Slide View : 15-418/618 Spring 2014

Previous | Next --- Slide 41 of 62

paraU

Here, the lecture notes says CUDA will implicit synchronize all the threads, but in the homework description, it says "Note that CUDA kernel's execution on the GPU is asynchronous with the main application thread running on the CPU. Therefore, you will want to place a call to cudaThreadSynchronize following the kernel call to wait for completion of all CUDA work.", which means we need to do the synchronization ourselves.

I'm confused about this.

This comment was marked helpful 0 times.

kayvonf

Both statements are correct.

When a CUDA kernel is called, the kernel is not complete until all threads have terminated. You can think of each kernel launch as a command sent to the GPU. By default, the GPU will process these commands in order. That is, if your program launches K1 and then K2. All K1 threads will complete before any thread from K2 begins execution. Thus you can think of there being a barrier between the threads described by K1 and the threads described by K2.
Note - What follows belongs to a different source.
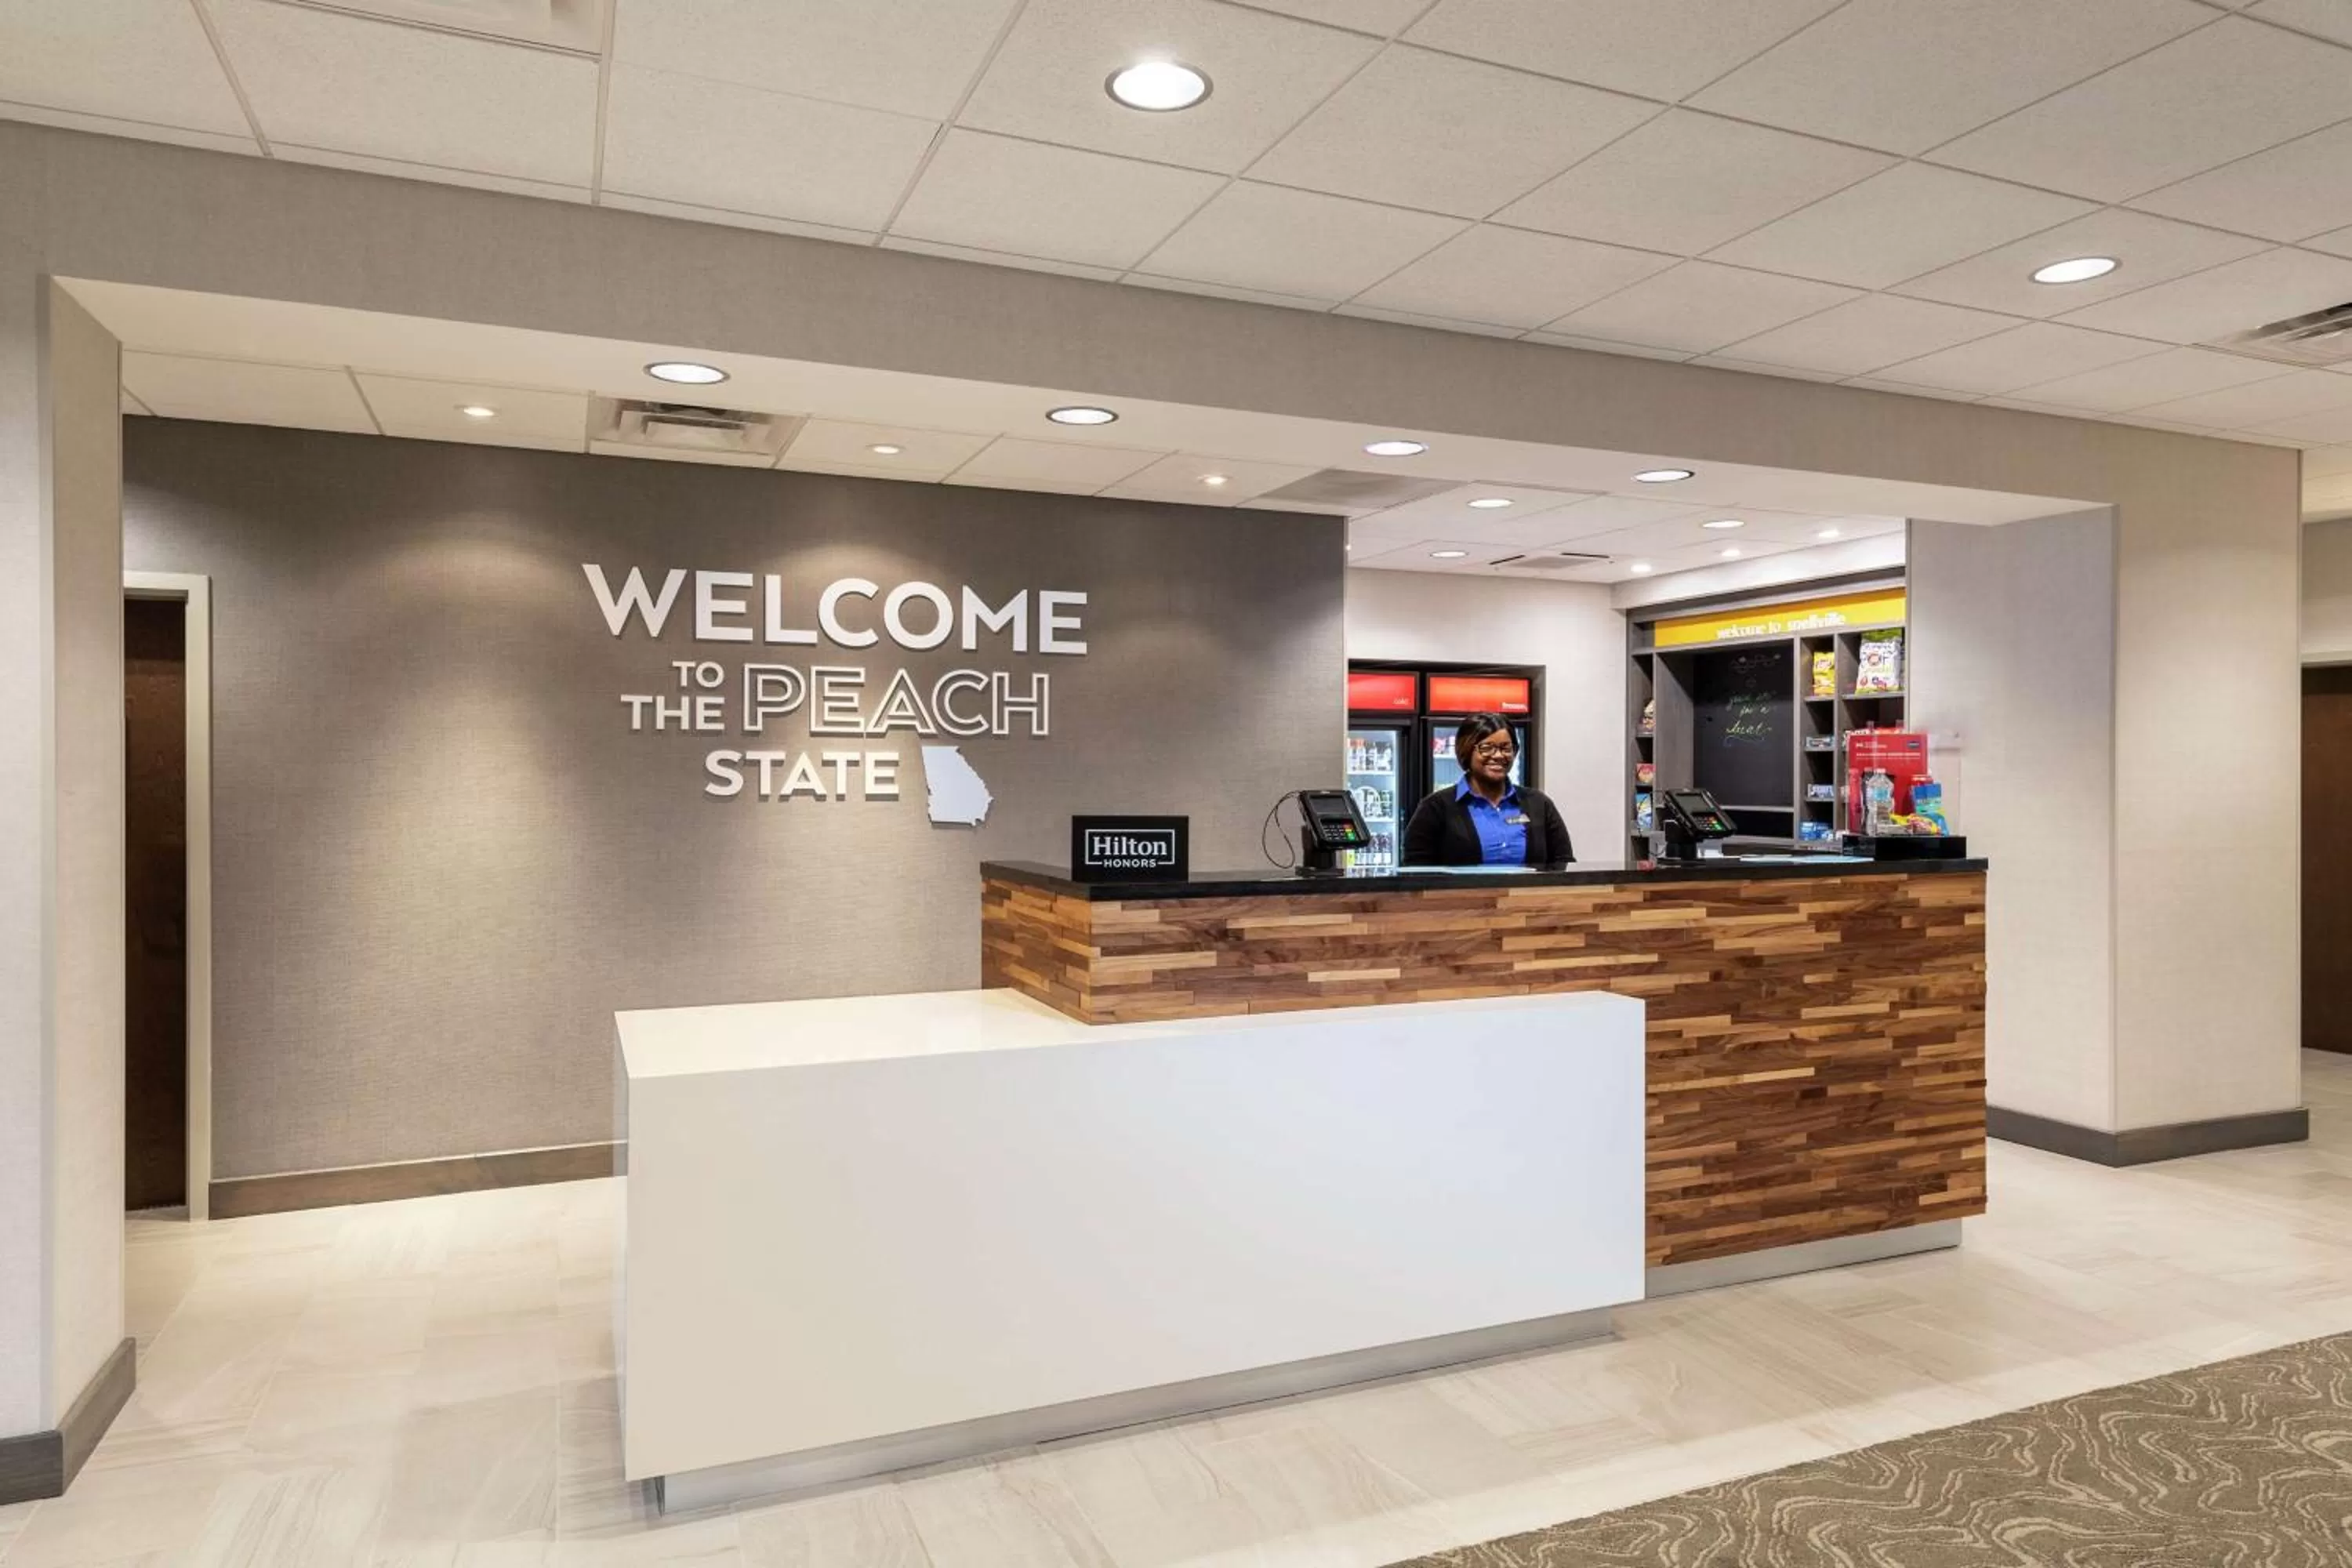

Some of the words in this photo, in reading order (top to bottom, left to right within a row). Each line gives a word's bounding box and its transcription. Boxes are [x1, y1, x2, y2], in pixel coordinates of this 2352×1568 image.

CUDA however, says nothing about the order of kernel execution compared to execution of the main host thread. When the CUDA launch call returns, it does not mean the kernel is complete. If the main CPU thread wants to know the kernel is complete, cudaThreadSychronize can be used since cudaThreadSynchronize only returns when all prior kernel launches are complete.

This comment was marked helpful 0 times.

rokhinip

So to clarify, a CUDA kernel is the function that being called to run on a GPU. It is a non-blocking call from the CPU code so to check the result of our function call, we need to call cudaThreadSynchronize from our CPU code to synchronize and finish the work of all the thread blocks. This is in contrast to the __syncthreads function which is called within the GPU code in order to synchronize the threads within a single block.

This comment was marked helpful 1 times.

cardiff

On the subject of synchronization constructs, some other atomic functions that help with synchronized access to memory are included as builtins in gcc. See the reference here. These are especially useful in assignment 3.

This comment was marked helpful 0 times.